Estas dos afirmaciones se corresponden con dos líneas de pensamiento muy marcadas. La primera suele identificarse con el pensamiento de Jean Jacques Rosseau, la segunda con Thomas Hobbes. En el fondo de esta cuestión no solo está un tema sobre la naturaleza moral del ser humano, sino sobre nuestra evolución como seres sociales.

Tomasello, que no es precisamente un naif seguidor de Rosseau pero tampoco alguien que crea que necesitemos una cabeza que guíe al leviatán de la sociedad, acompaña el comentario con una cita Niccolò Machiavelo: “Un príncipe debe aprender cómo no ser bueno”. Tomasello cree tener pruebas suficientes para demostrar que los niños nacen cooperativos y dispuestos a ayudar, con independencia del entorno social. El enunciado es tramposo, pero permite comprender la idea de fondo de Tomasello: No se trata de nacer bueno o malo, ya que esa es una cuestión moral, sino de si lo hacemos con predisposición a cooperar entre los miembros de la especie.

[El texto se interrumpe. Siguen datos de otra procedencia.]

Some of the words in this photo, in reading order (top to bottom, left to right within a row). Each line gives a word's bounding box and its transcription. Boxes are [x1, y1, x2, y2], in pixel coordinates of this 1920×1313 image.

Tomasello afirma que el peso específico de las normas, tradiciones o prácticas culturales tiene un importante peso pero no supone el punto de partida del ser humano como animal que coopera. Según cree, nacemos cooperativos y la sociedad, pese a todo, refuerza esta tendencia. Su propuesta hunde sus raíces en la idea de que muchos de nuestros parientes cercanos, como los chimpancés, muestran comportamientos similares ante situaciones parecidas: ellos también cooperan. De hecho, el individuo que queda relegado de la sociedad humana o de los grupos de chimpancés son los que demuestran que no son dignos de confianza para cooperar. Porque cooperar es una de las claves de nuestra supervivencia. Aunque está en cuestión si lo que hacen los primates es cooperar, la clave del desarrollo del ser humano pasa por que la cooperación se anteponga a la competición.

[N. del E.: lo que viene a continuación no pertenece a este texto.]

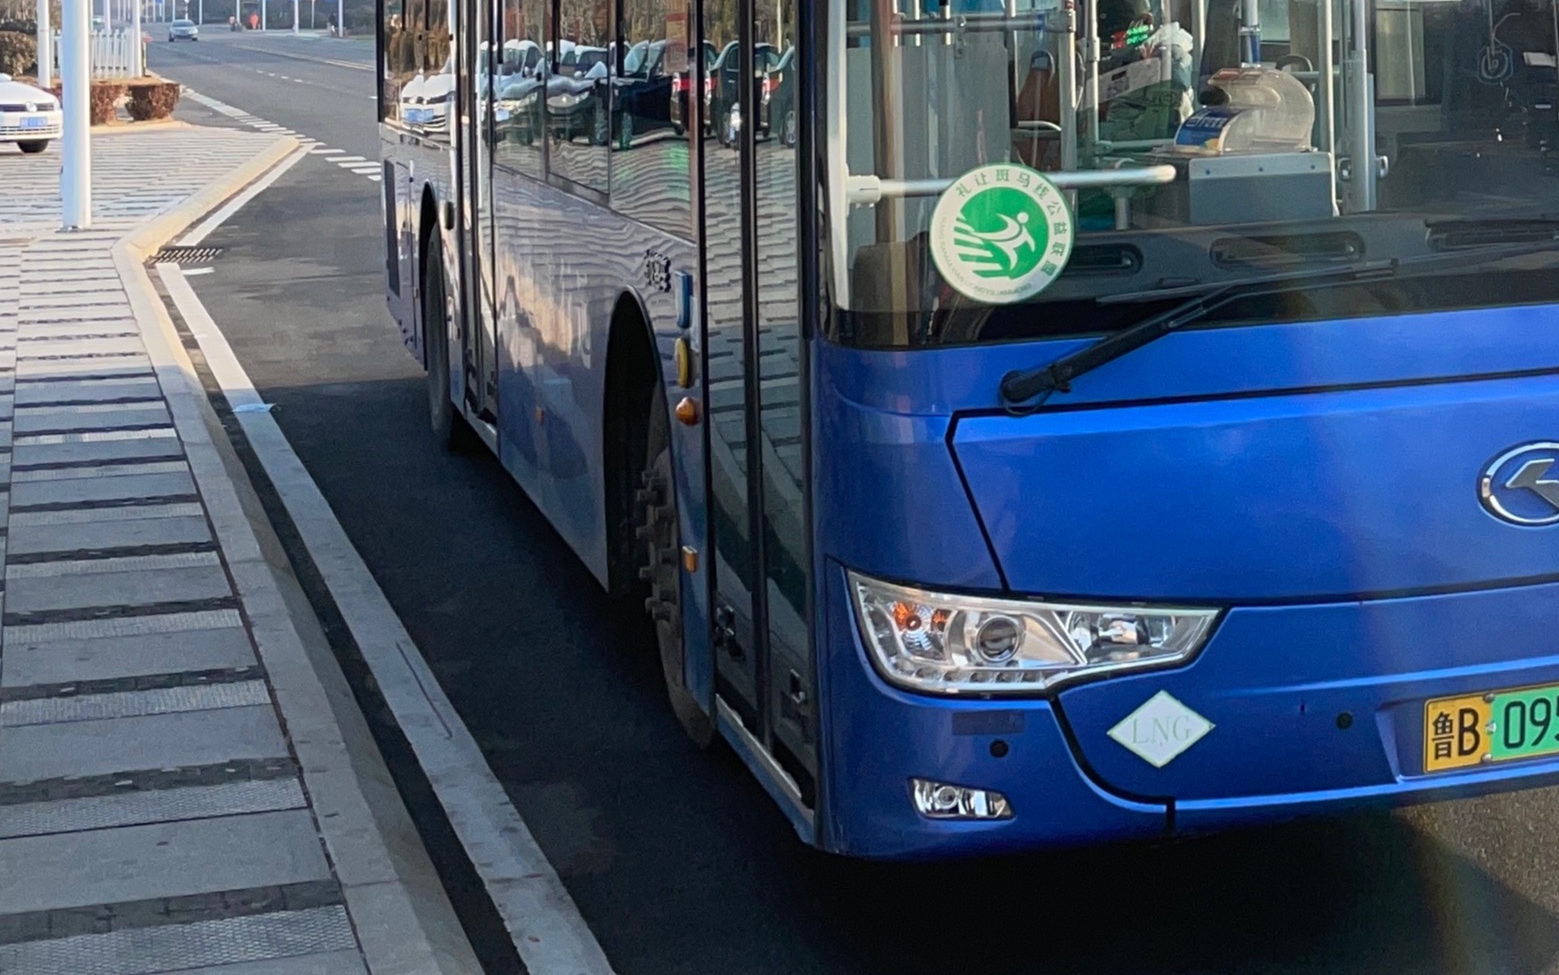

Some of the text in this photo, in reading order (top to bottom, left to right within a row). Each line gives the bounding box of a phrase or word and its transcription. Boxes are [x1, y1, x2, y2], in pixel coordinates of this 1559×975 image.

[955, 169, 1068, 277] 礼让斑马线公益联盟
[1130, 713, 1193, 745] LNG
[1431, 707, 1481, 761] 鲁B

Cabe destacar la división que Tomasello realiza sobre la cooperación: (1) Altruismo: un individuo se sacrifica de alguna manera (aunque decir “sacrificio” en castellano sea, tal vez, muy exagerado); (2) Colaboración: un grupo de individuos trabajando juntos por un beneficio mutuo. En este sentido, Margaret Gilbert coincide con la propuesta de Tomasello: nuestro estado por defecto es confiar en otros miembros del grupo así como colaborar con ellos e incluso sacrificarse, dado el caso. La confianza para colaborar no se gana sino que se pierde.

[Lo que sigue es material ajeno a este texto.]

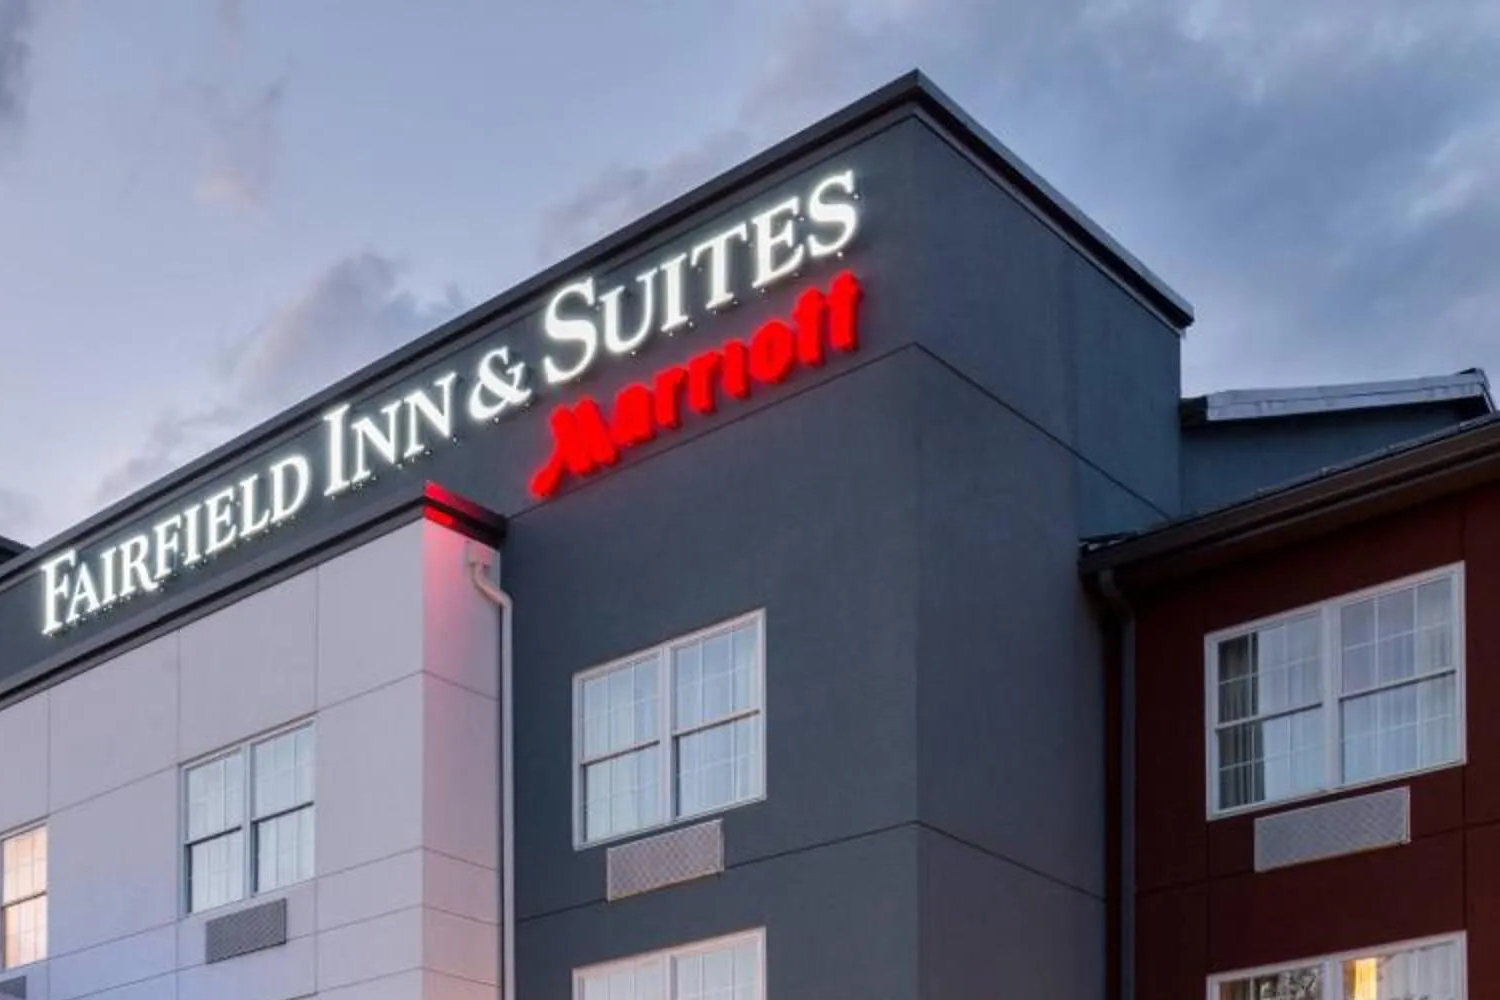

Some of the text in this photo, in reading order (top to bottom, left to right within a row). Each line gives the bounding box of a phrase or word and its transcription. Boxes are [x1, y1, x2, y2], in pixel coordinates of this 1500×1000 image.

[41, 170, 859, 636] FAIRFIELD INN & SUITES
[528, 270, 860, 499] Marriott

El altruismo se percibe con un marcado significado económico. Es dar algo a alguien sin esperar nada a cambio. De esta forma los niños tienen la tendencia natural a ayudar o colaborar pero no tanto a ser altruistas. No somos altruistas en todos los aspectos que suponga una economía de la especie. Por ejemplo, tendemos a compartir información, pero no siempre ni en todas las circunstancias. Sin embargo, Tomasello (y su colega Joseph Call) encuentra que los niños pre-escolares, tienden a compartir alimento en mayor medida que sus contrapartidas animales.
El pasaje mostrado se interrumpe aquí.